Luis Rubio
Parafraseando a Albert Camus en su discurso al recibir el premio Nóbel, “todos los gobiernos sin duda se sienten destinados a cambiar el mundo.” Pocos lo logran. Tan pronto concluyen su mandato, comienzan las reverberaciones: lo que quedó inconcluso, lo que no se hizo, lo que se hizo mal. O peor. En la era postrevolucionaria mexicana la respuesta natural fue la de corregir el rumbo en lo que acabó denominándose la “teoría del péndulo:” un gobierno se movía en una dirección, el siguiente corregía el camino en el sentido opuesto. Esta manera de funcionar cambió a partir de los ochenta en que el país optó por incorporarse en los circuitos tecnológicos, financieros y comerciales del mundo en aras de lograr una estabilidad duradera. Desde 2018 el gobierno ha intentado obviar aquel objetivo, lo que ha recreado el riesgo de un movimiento pendular. ¿Dónde quedó la bolita?
Contrario a lo que usualmente se piensa (y se insiste en la narrativa diaria) entre los ochenta y 2018 hubo menos continuidad de lo aparente y ciertamente no hubo una estrategia consistente a lo largo del periodo. Luego de un inicio claro y con visión estratégica, siguió una aceptación, a veces renuente, de la falta de alternativas en materia de política económica, lo que se tradujo en una serie de políticas inconexas, frecuentemente inconsistentes, pero que avanzaban en la misma dirección. El objetivo formal era la incorporación de México en la economía global y cada acción de los gobiernos de esa era intentó avanzar en algunos frentes o corregir deficiencias que hacían difícil el camino, pero nunca hubo un proyecto de desarrollo integral o consistente.
Las carencias y ausencias que se dieron en ese periodo son de todos conocidas porque se insiste sobre ellos de manera irredenta en el discurso público. Lo que no se reconoce, porque sería equivalente a cometer una herejía, es que los problemas de México no son producto de lo que se hizo (aunque sin duda hubo errores), sino de lo que no se hizo. Claudio Lomnitz describió el corazón del problema en un artículo en Nexos hace un año cuyo subtítulo lo dice todo: “La ínsula de los derechos y el mar de la extorsión.” Según Lomnitz, las reformas de los ochenta y noventa crearon un espacio donde existían reglas del juego y hacia donde se dedicaron recursos tanto en la forma de infraestructura como de capacidad gubernamental (una semblanza de transparencia y legalidad), pero en lugar de ampliar ese espacio para toda la sociedad y territorio, el gobierno abandonó a su suerte al mexicano que no cabía en el primer espacio y es ahí donde el país se colapsó en un mar de violencia, ausencia de justicia y extorsión.
La paradoja del gobierno actual es que no ha incidido de manera favorable en ninguna de las carencias o ausencias que identificó (y con las que ganó la presidencia) sino que, en todo caso, las ha acentuado si no es que extremado.

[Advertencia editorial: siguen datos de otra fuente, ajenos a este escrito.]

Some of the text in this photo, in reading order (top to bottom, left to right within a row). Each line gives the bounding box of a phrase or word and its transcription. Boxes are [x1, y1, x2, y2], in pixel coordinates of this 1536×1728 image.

Aunque ha habido un significativo avance en materia del ingreso disponible de la población, los retrocesos en materia institucional y de democracia son patentes y pueden acabar destruyendo lo anterior. Contra lo esperable y a pesar de la popularidad del presidente, el país es hoy más desigual y menos próspero.
Por cinco años, el gobierno actual cuidó las finanzas públicas y se benefició tanto de las reformas de las décadas previas que tanto denuesta como de la creciente “independencia” del tipo de cambio respecto a las finanzas gubernamentales. Pero el inicio del año electoral cambió el panorama: un gran déficit amenaza la estabilidad fiscal, se presentó una retahíla de propuestas constitucionales que cambiaría el panorama político e institucional y dejaría al país en una situación de crisis prolongada, quizá similar a la de los ochenta. Como dice el dicho, cuando un líder siembra vientos, cosecha tempestades: nada está escrito respecto a la popularidad del presidente, a la estabilidad cambiaria o a la elección misma.

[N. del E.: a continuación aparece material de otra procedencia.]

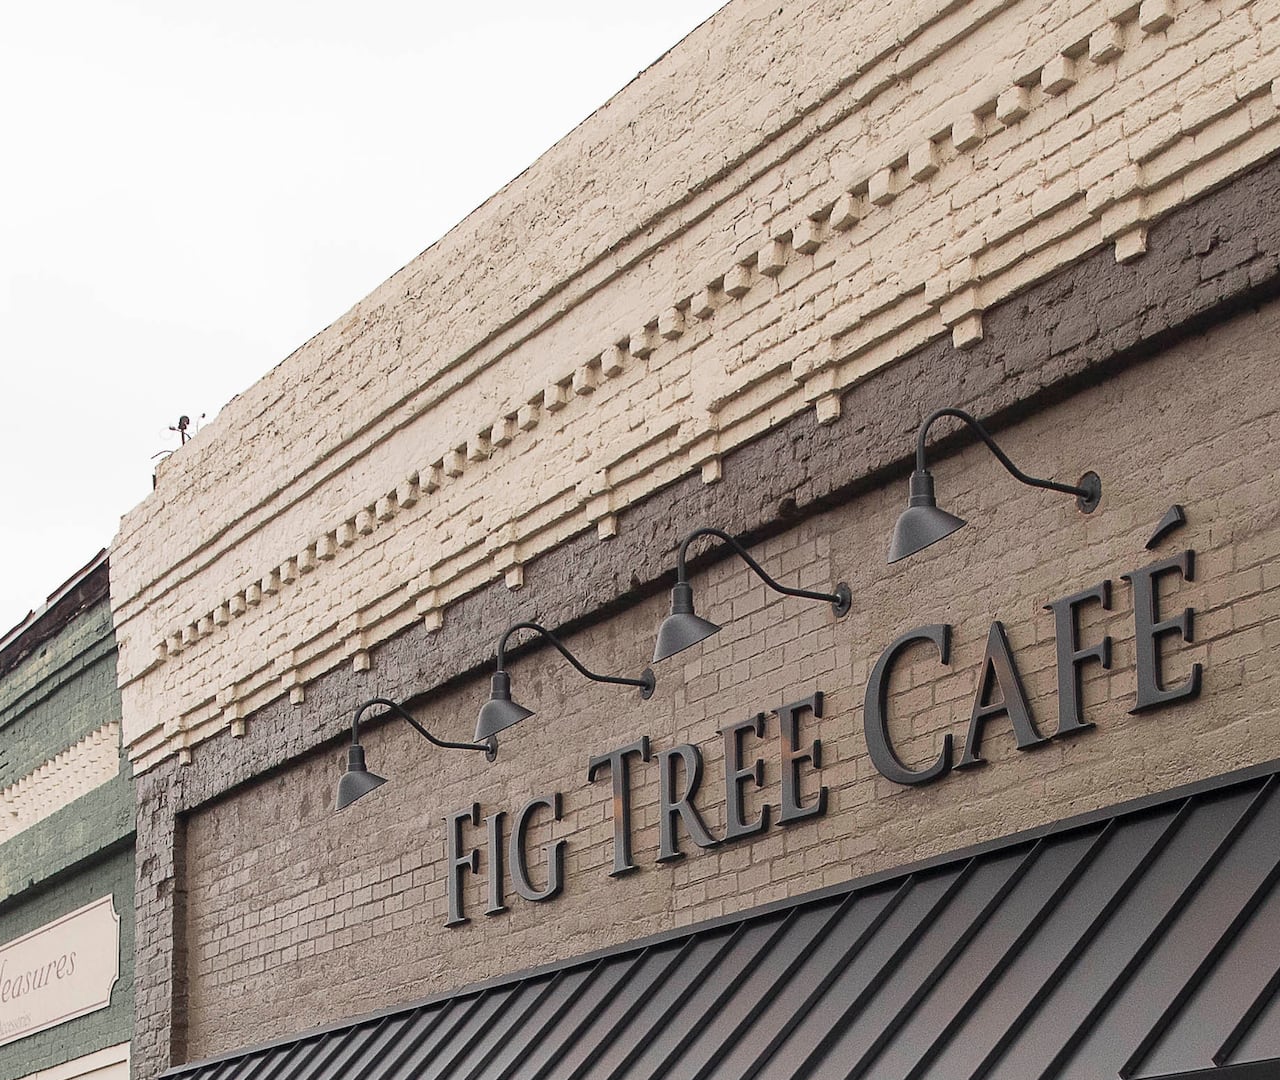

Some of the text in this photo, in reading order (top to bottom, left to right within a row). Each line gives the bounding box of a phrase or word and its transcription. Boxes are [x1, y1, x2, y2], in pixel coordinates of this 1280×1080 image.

[443, 504, 1204, 929] FIG TREE CAFÉ
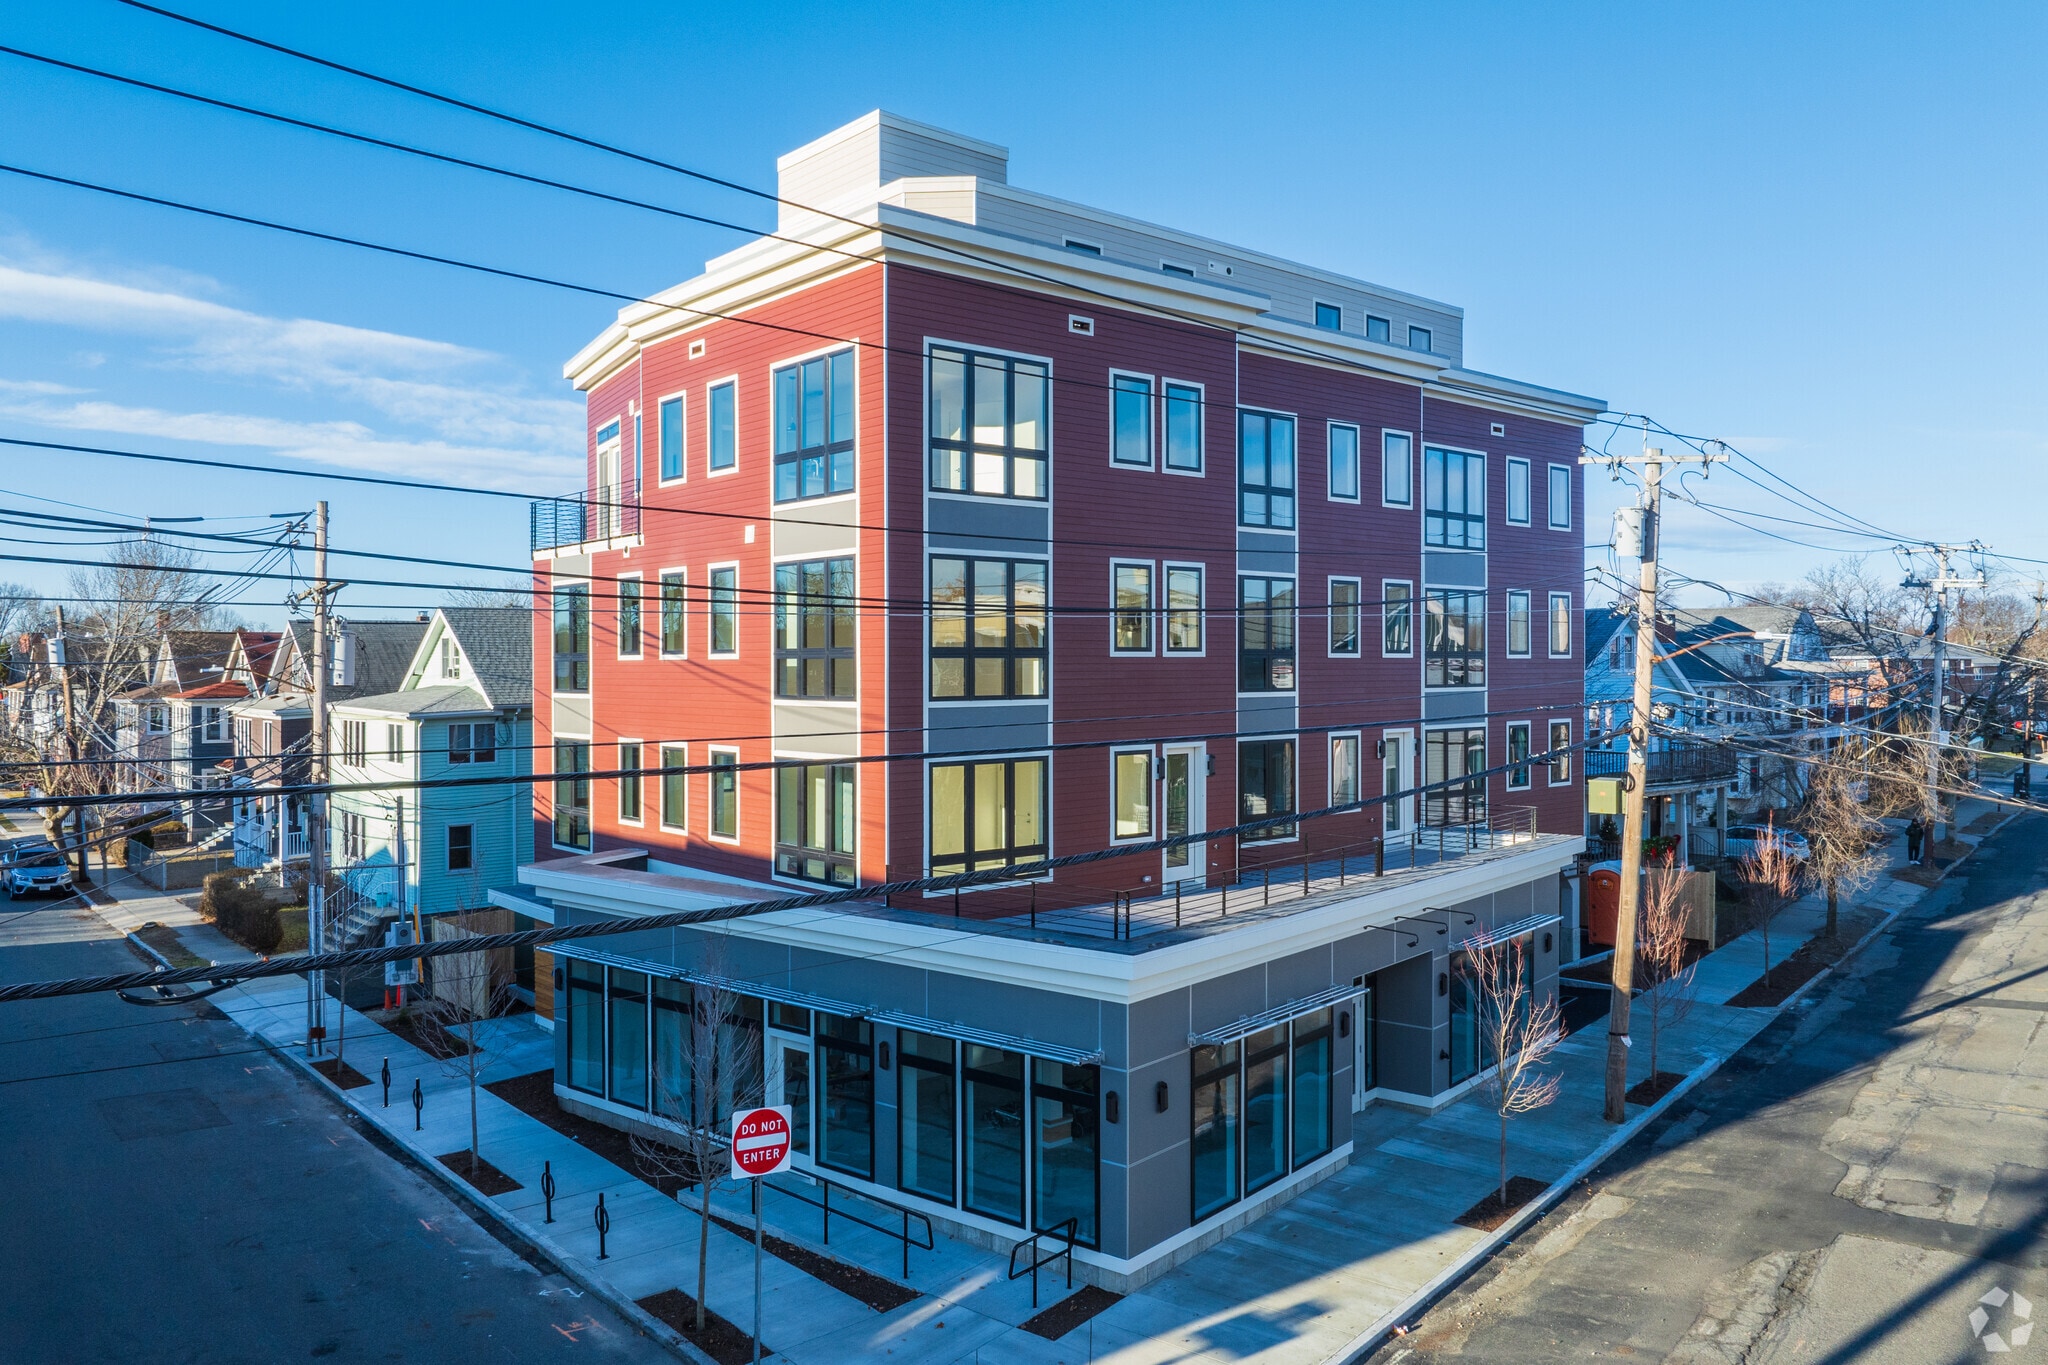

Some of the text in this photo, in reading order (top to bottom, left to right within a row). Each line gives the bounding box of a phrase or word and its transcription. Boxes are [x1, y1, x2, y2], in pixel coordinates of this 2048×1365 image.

En contraste con sus predecesores, el presidente tuvo la oportunidad de afectar intereses profundamente arraigados en diversos ámbitos de la sociedad mexicana que han sido exitosos en impedir la adopción de políticas mucho más agresivas en materia de justicia, equidad, distribución de los recursos públicos e infraestructura, pero optó por dormirse en sus laureles, como si la mera presencia de un presidente poderoso cambiaría la historia. El que pudo ser el gran constructor del futuro, lo hizo más difícil y saturado de incertidumbres.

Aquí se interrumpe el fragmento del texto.